Former Israeli Finance Minister Sentenced for Theft from Union

Avraham Hirchson was finance minister for Israel from May 2006 to July 2007. But it’s what he did in the preceding years that led to the end of his career. On Wednesday, June 24, an Israeli court sentenced Hirchson to five years and five months in prison for embezzling roughly 1.75 million shekels (US$600,000) from a labor union he’d headed during 1998-2005. Union Corruption Update last June reported that authorities had arrested Hirchson for embezzling at least $755,000 and possibly as much as $1.2 million from that country’s National Workers Union, also known as National Workers Labor Federation. In all, nearly a dozen other persons, including his son Ofer, were nabbed. In addition to serving a sentence, Hirchson will have to pay a fine of 450,000 shekels.
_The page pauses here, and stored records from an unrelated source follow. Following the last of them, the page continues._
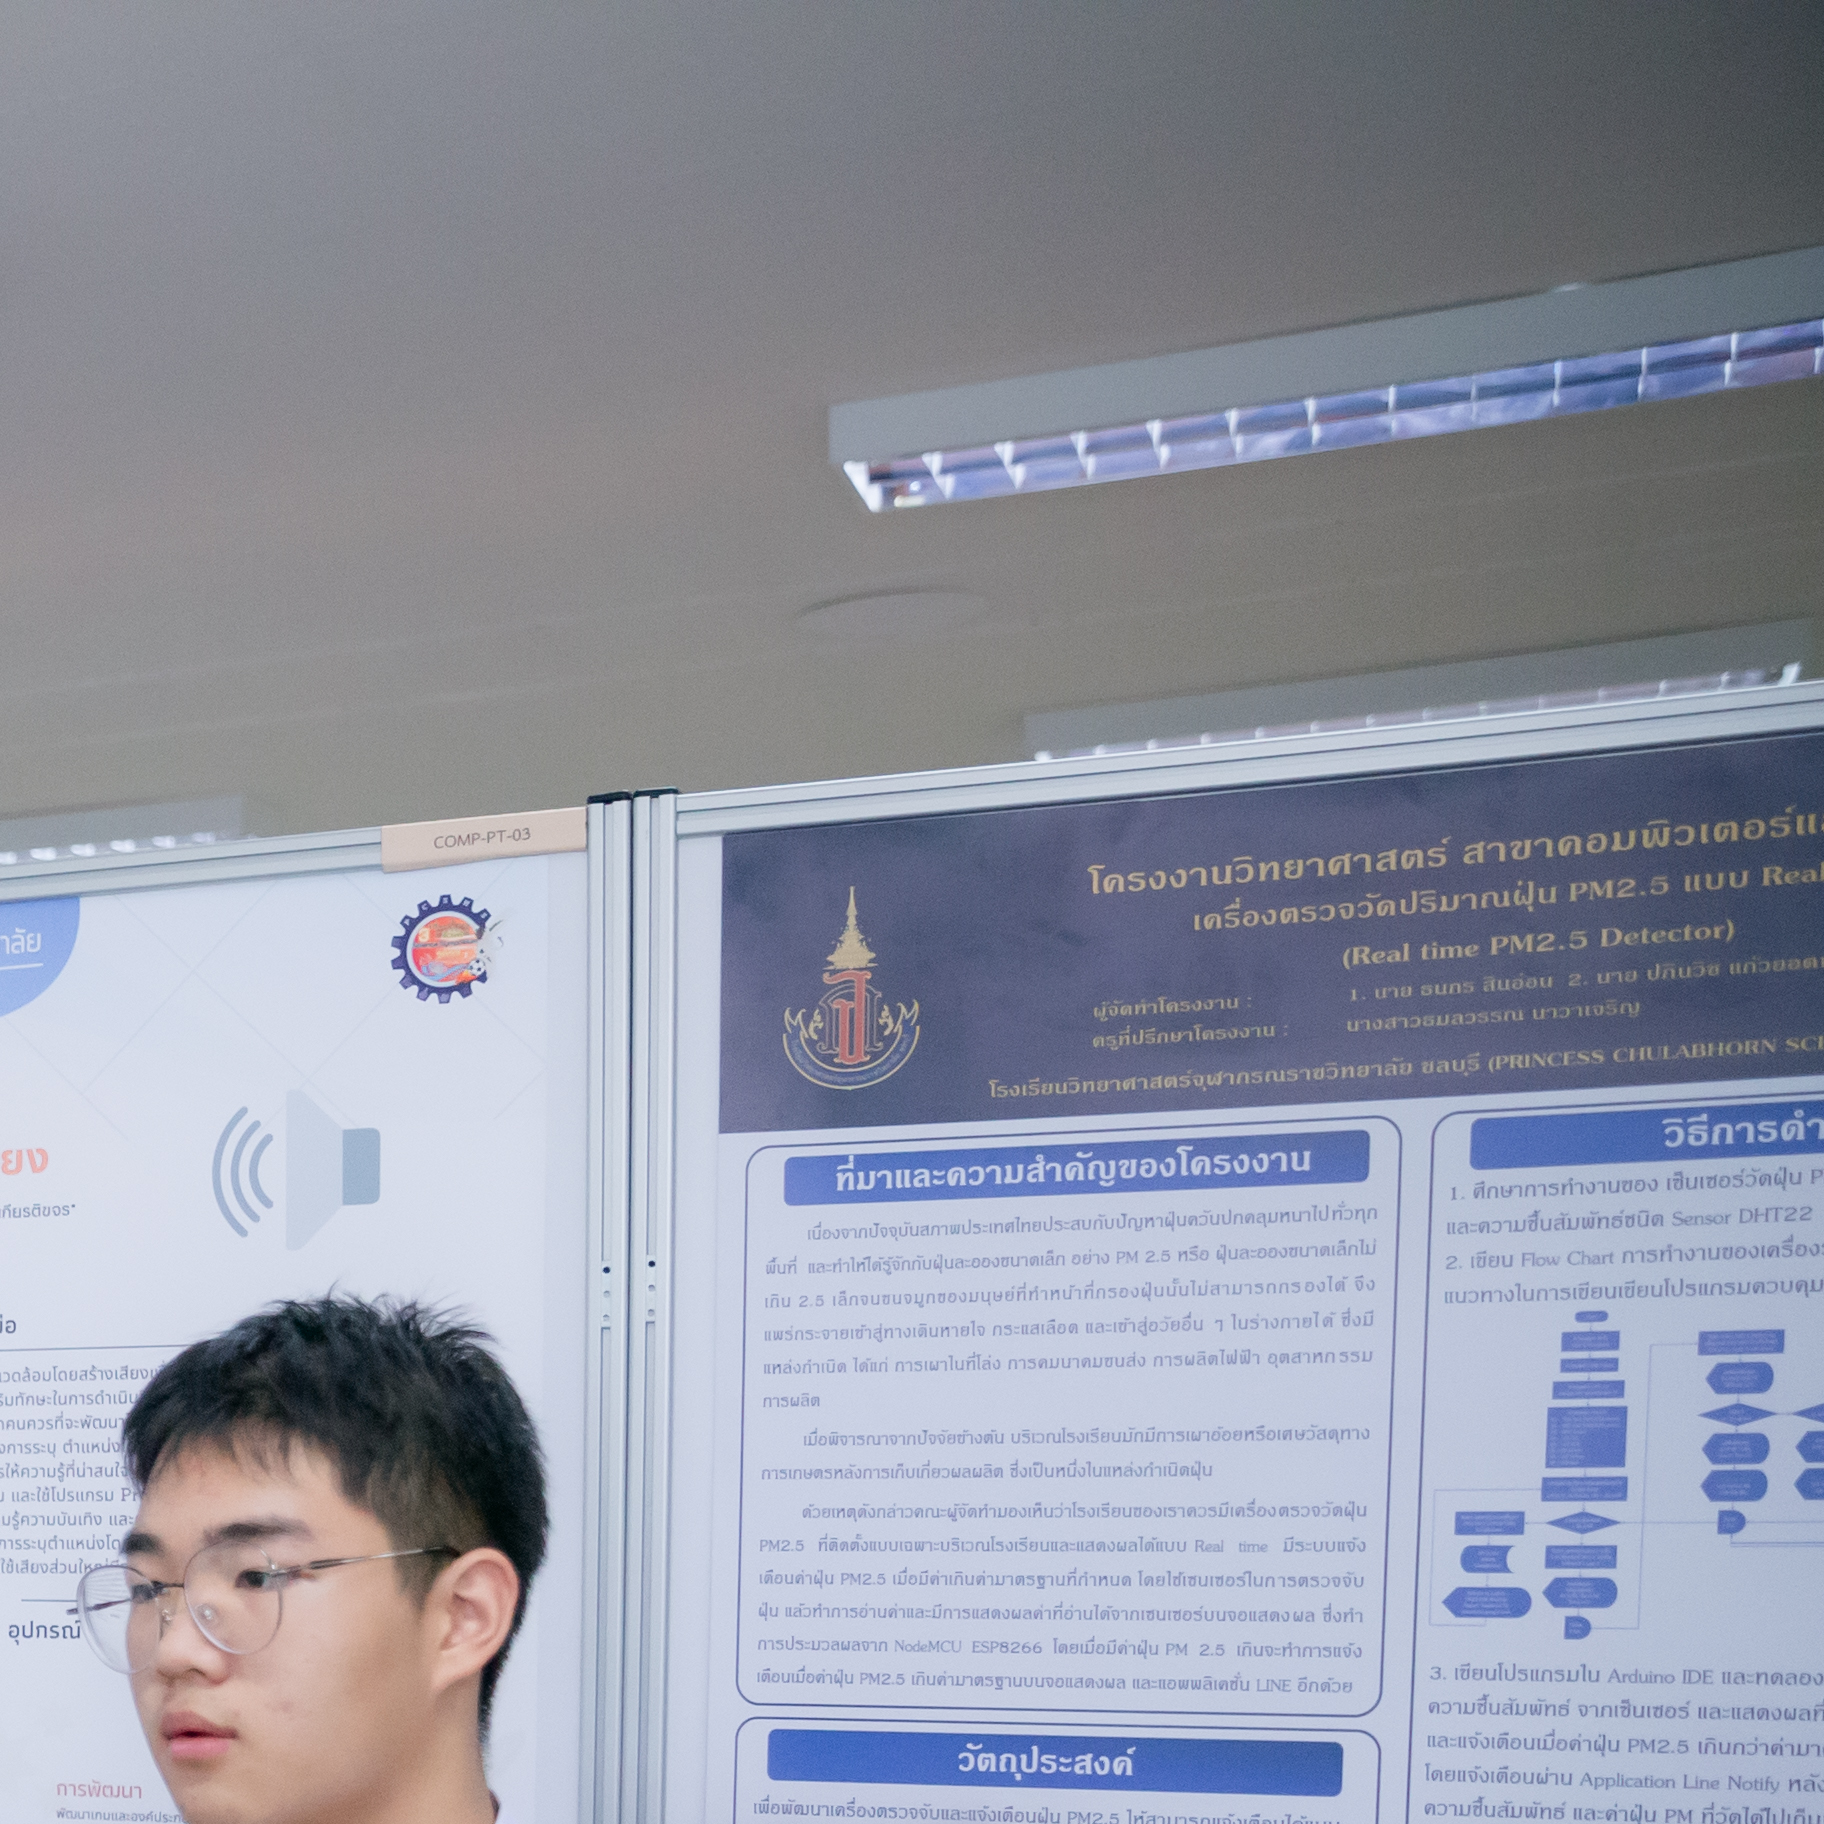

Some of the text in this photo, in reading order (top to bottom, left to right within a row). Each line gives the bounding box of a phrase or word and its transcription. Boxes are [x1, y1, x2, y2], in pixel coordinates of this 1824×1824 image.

[433, 827, 531, 849] COMP-PT-03
[1087, 836, 1452, 895] โครงงานวิทยาศาสตร์
[1568, 876, 1670, 904] PM2.5
[1684, 869, 1750, 892] แบบ
[1342, 918, 1735, 970] (Real time PM2.5 Detector)
[1488, 1048, 1604, 1074] (PRINCESS
[1612, 1037, 1778, 1064] CHULABHORN
[1672, 1209, 1732, 1227] Sensor
[1738, 1206, 1813, 1225] DHT22
[1116, 1250, 1139, 1265] PM
[1145, 1250, 1171, 1263] 2.5
[1521, 1251, 1561, 1268] Flow
[1567, 1249, 1614, 1266] Chart
[799, 1294, 825, 1308] 2.5
[759, 1538, 805, 1552] PM2.5
[1195, 1539, 1225, 1553] Real
[1238, 1540, 1268, 1553] time
[840, 1572, 886, 1586] PM2.5
[894, 1639, 962, 1654] NodeMCU
[972, 1639, 1043, 1655] ESP8266
[1165, 1642, 1188, 1657] PM
[1199, 1643, 1226, 1657] 2.5
[859, 1672, 905, 1686] PM2.5
[1256, 1678, 1292, 1693] LINE
[1607, 1668, 1676, 1685] Arduino
[1683, 1669, 1714, 1685] IDE
[1627, 1737, 1690, 1754] PM2.5
[957, 1742, 1136, 1781] วัตถุประสงค์
[1579, 1771, 1676, 1790] Application
[1683, 1773, 1720, 1790] Line
[1727, 1775, 1780, 1794] Notify
[1664, 1807, 1693, 1824] PM
Israeli prosecutors alleged that Hirchson, now 68, and several other defendants conspired to write phony checks in order to divert funds from the labor organization’s education and health care plans to accounts. When indictments for theft, money-laundering and other offenses were handed down, Hirchson denied all charges, asserting he was being targeted by Israeli authorities to prevent him from instituting economic reforms. But the court believed otherwise, and convicted him earlier this month. Judge Bracha Tom noted the union under Hirchson’s leadership had become “a casino where senior executives took money that didn’t belong to them.”

Nearly as much as security issues, corruption dominates Israeli headlines, spilling over into politics. That’s why Hirchson wasn’t likely to last in his ministry position even if he had been found not guilty. A member of that country’s centrist Kadima Party, Hirchson, who not long earlier served as minister of both tourism and communications, was defeated for re-election for his seat in the Knesset this past February. His longstanding friendship with Ehud Olmert, who served as Israeli prime minister under the Kadima banner from 2006 until several months ago, couldn’t have helped either. Olmert left office three months ago (he’d officially resigned last summer and became interim prime minister) in the wake of unresolved accusations of corruption and a diagnosis of prostate cancer. Since the end of March, Israel’s prime minister has been Likud leader Benjamin Netanyahu, who served in that office during 1996-99.